Open Access
The Contribution of Formyl Peptide Receptor Dysfunction to the Course of Neuroinflammation: A Potential Role in the Brain Pathology
Author(s) -
Ewa Trojan,
Natalia Bryniarska,
Monika Leśkiewicz,
Magdalena Regulska,
Katarzyna Chamera,
Magdalena Szuster-Głuszczak,
Marcello Leopoldo,
Enza Lacivita,
Agnieszka BastaKaim
Publication year - 2020
Publication title -
current neuropharmacology
Language(s) - English
Resource type - Journals
SCImago Journal Rank - 1.955
H-Index - 73
eISSN - 1875-6190
pISSN - 1570-159X
DOI - 10.2174/1570159x17666191019170244
Subject(s) - neuroinflammation , neuroscience , receptor , medicine , pathology , biology , disease
Chronic inflammatory processes within the central nervous system (CNS) are in part responsible for the development of neurodegenerative and psychiatric diseases. These processes are associated with, among other things, the increased and disturbed activation of microglia and the elevated production of proinflammatory factors.
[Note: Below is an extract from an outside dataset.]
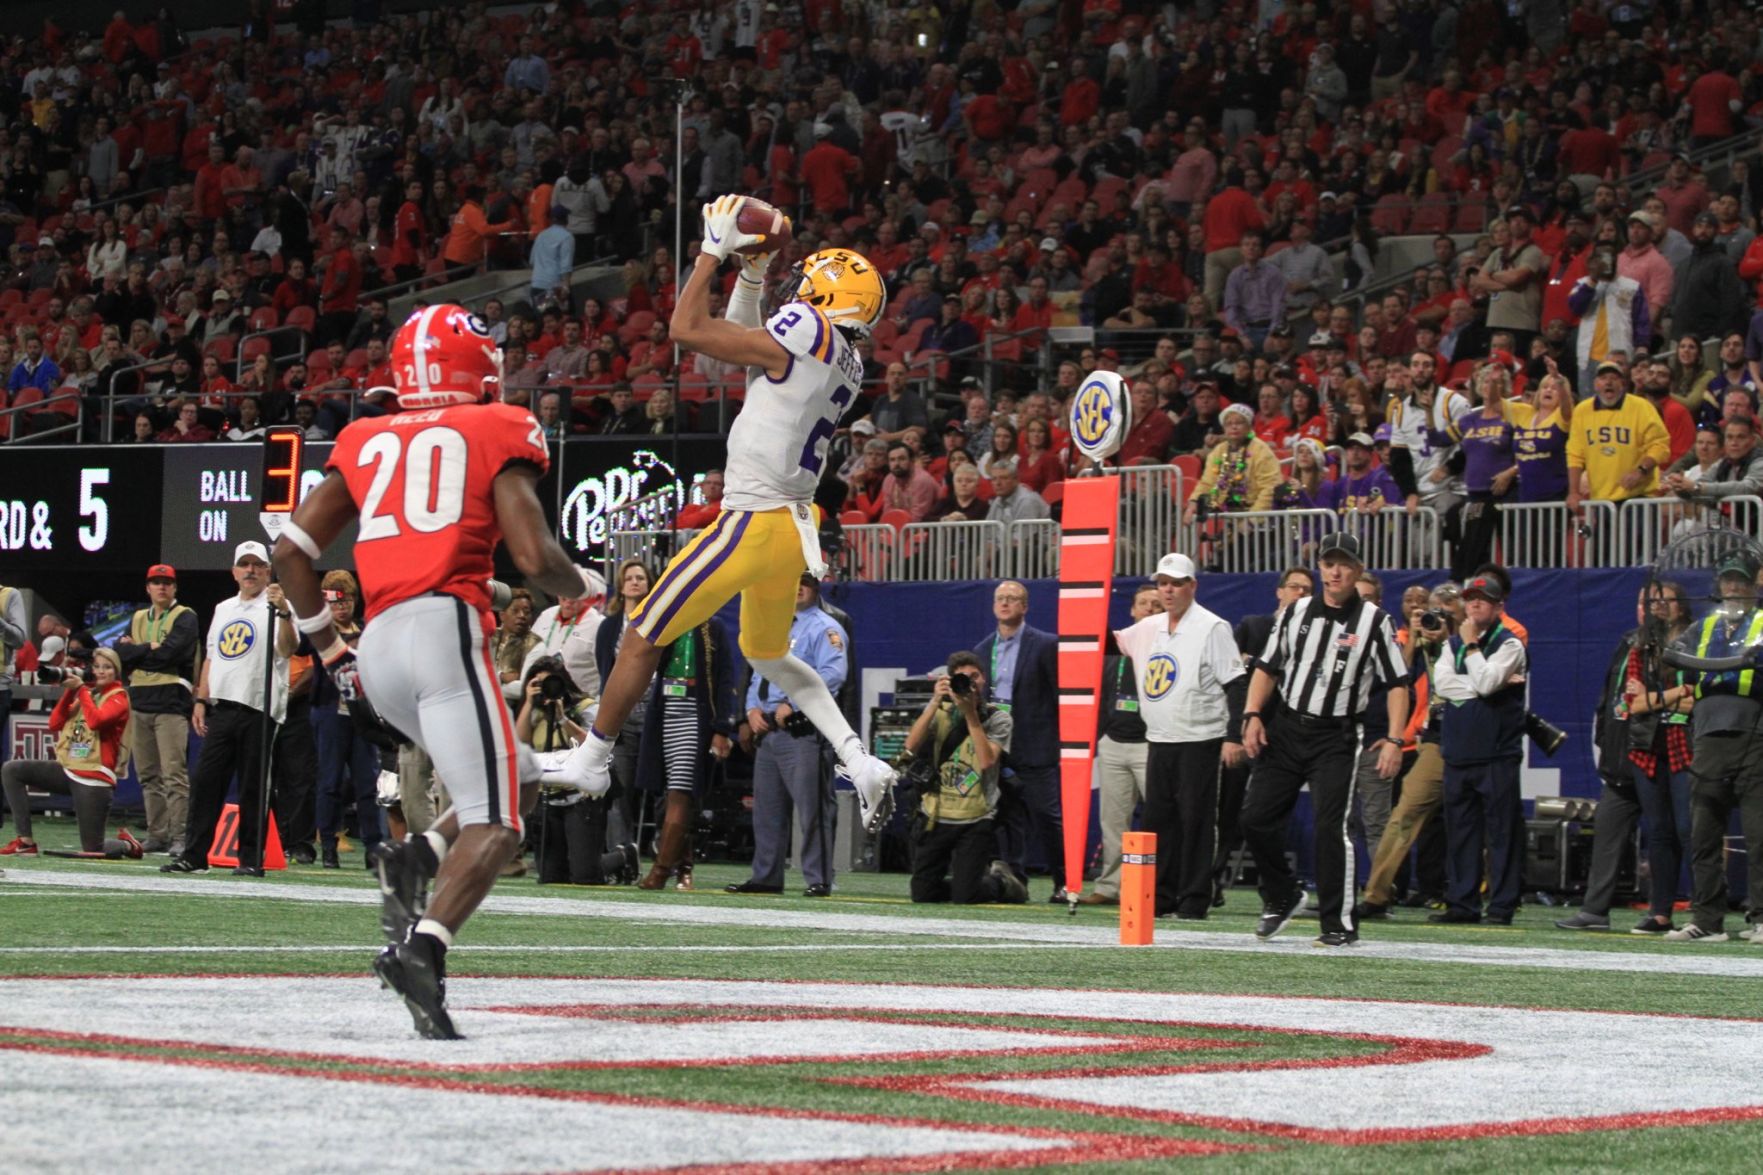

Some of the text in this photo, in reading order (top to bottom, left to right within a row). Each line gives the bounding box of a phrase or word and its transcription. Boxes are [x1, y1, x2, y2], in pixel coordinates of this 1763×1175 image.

Recent studies indicated that the disruption of the process of resolution of inflammation (RoI) may be the cause of CNS disorders. It is shown that the RoI is regulated by endogenous molecules called specialized pro-resolving mediators (SPMs), which interact with specific membrane receptors. Some SPMs activate formyl peptide receptors (FPRs), which belong to the family of seven-transmembrane G protein-coupled receptors. These receptors take part not only in the proinflammatory response but also in the resolution of the inflammation process. Therefore, the activation of FPRs might have complex consequences. This review discusses the potential role of FPRs, and in particular the role of FPR2 subtype, in the brain under physiological and pathological conditions and their involvement in processes underlying neurodegenerative and psychiatric disorders as well as ischemia, the pathogenesis of which involves the dysfunction of inflammatory processes.